On the other hand, Visual Track and Target, a system that is necessary for a series of actions in which several movement units and several muscles cooperatively coordinate contraction and relaxation to achieve desired movement in smooth motion, and to measure the attention and hand movement of the patient We implemented a Visual Spatial and Motor program that measures how long a patient can move a balloon in a thorn bush without breaking as the thorn bush moves.

One. Visual Track and Target

18 is a flowchart illustrating a process of performing a Visual Track and Target function by the Visual Track and Target system. When the Visual Track and Target system starts with a program for measuring the attention of the patient and the movement of the hand, the screen is displayed. There is a square on the screen. If you take the tracking tool there, you can see the path the patient will follow, click on the squares along the path to reach the last square, and the program will measure how quickly the patient follows the path. Will be recorded.

The Visual Track and Target system allowed the patient to test six paths. For the convenience of users, in order to easily distinguish paths, each path can be selected by placing an image button such as a path on the screen and a rectangular layout on the right side.

In addition, in order to know how fast the response time to the program is progressed according to the memory of the patient, a full path view and a partial path view are provided as menus for measurement. The basics before running this program are the same as the Visual Reaction program, so the explanation is omitted.

An example of this exercise is to walk 100 meters and then map the place you walked to, and to remember the objects, people, and events you saw while walking, and to mark the places where you witnessed them [Lawson et al. , 1989]. The Visual Track and Target system allows you to remember paths by following the squares one by one, which helps patients find that the most difficult problem in their daily lives is that they cannot acquire new knowledge due to memory impairment. I think it can be.

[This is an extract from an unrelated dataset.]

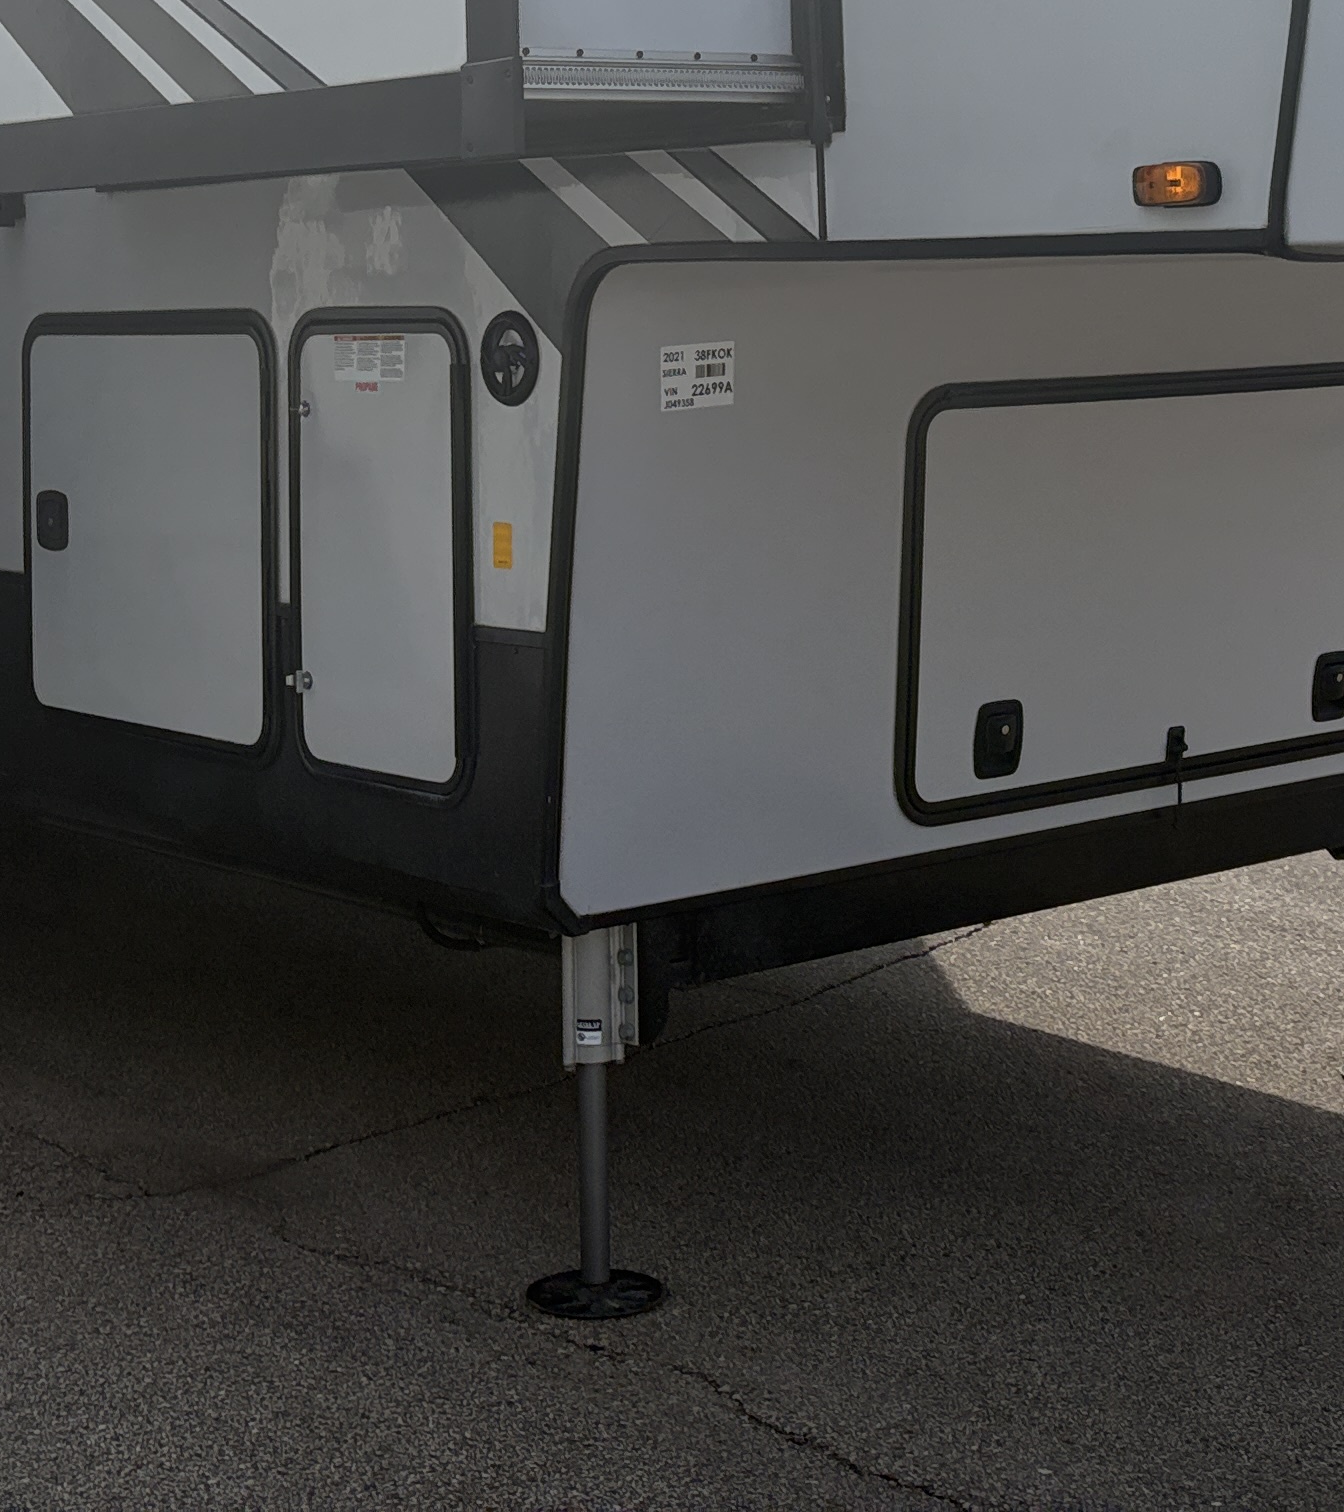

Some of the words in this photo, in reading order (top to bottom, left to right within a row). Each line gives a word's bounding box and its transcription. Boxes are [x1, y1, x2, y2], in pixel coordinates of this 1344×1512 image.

[663, 351, 684, 363] 2021
[664, 387, 678, 397] VIN
[691, 381, 733, 397] 22699A
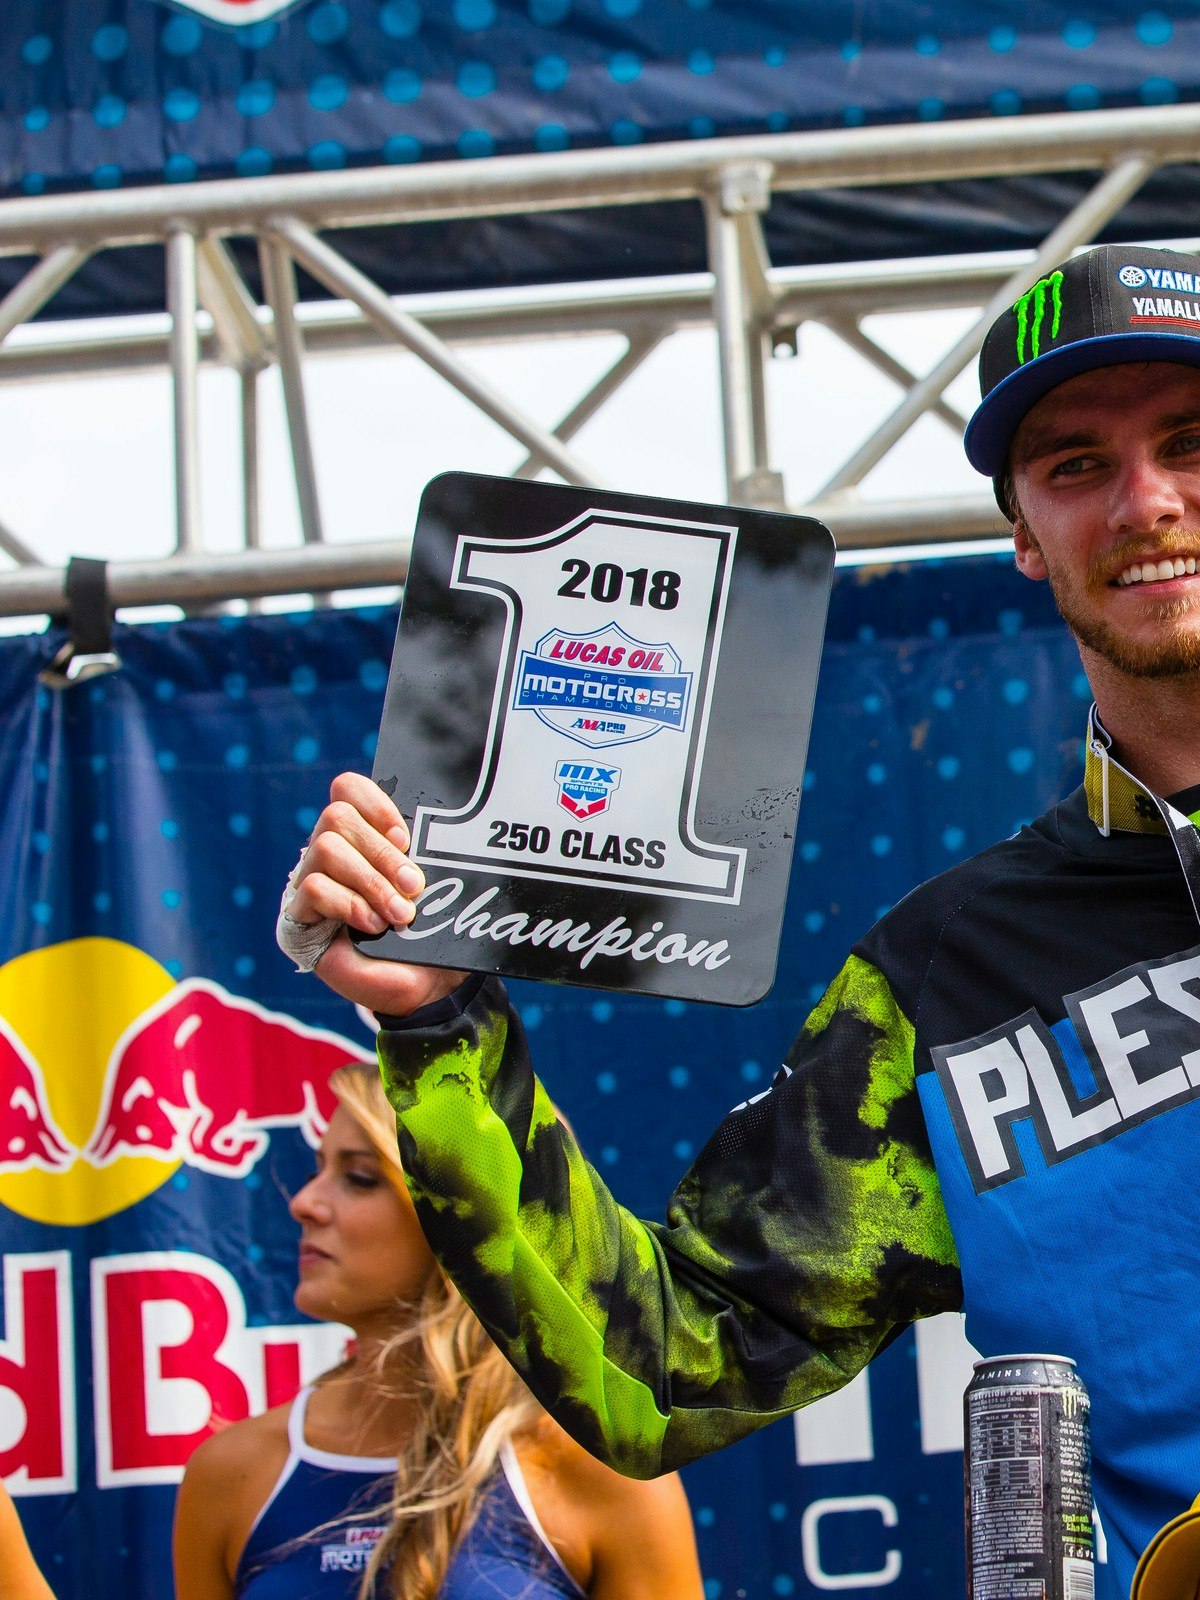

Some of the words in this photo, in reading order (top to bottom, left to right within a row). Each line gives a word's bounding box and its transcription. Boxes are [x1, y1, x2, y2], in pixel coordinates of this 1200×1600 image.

20 is a view illustrating a path and button arrangement of a screen that is displayed when each path is selected by the image button of FIG. 19.

The six paths set in FIG. 19 had only one path when the system was first created, but the path was further added because the patient could easily lose interest when performing only one path while implementing the system.

21 is a visual track and target system, if the correct operation is repeated while performing the programmed operation from the beginning to the end, the operation is learned and stored can be easily executed with less concentration than the first.

Thus, it is a screen showing the state showing the entire path, the state not shown, and the state displayed partial paths so that you can test what you have learned through repeated training of the patient.

By showing each path without showing all the paths as described above, the patient can concentrate on the rehabilitation program, and the doctor or nurse who checks the degree of rehabilitation of the patient can check the path to which the patient can proceed. As the memory of the patient about the path not given increases, it can be an opportunity to encourage the patient's motivation.

2. Visual Spatial and Motor

22 is a flowchart illustrating a process of performing a Visual Spatial and Motor function by the Visual Spatial and Motor system. The Visual Spatial and Motor system is a program for measuring the attention and hand movement of a patient. Measure how long you can move a balloon without bursting as the prickly bush moves.

In this Visual Spatial and Motor system, many patients have difficulty in concentrating on one task. Therefore, in order to be immersed in the task for a certain period of time, training is organized in the form of play to stimulate the curiosity and interest of the patients.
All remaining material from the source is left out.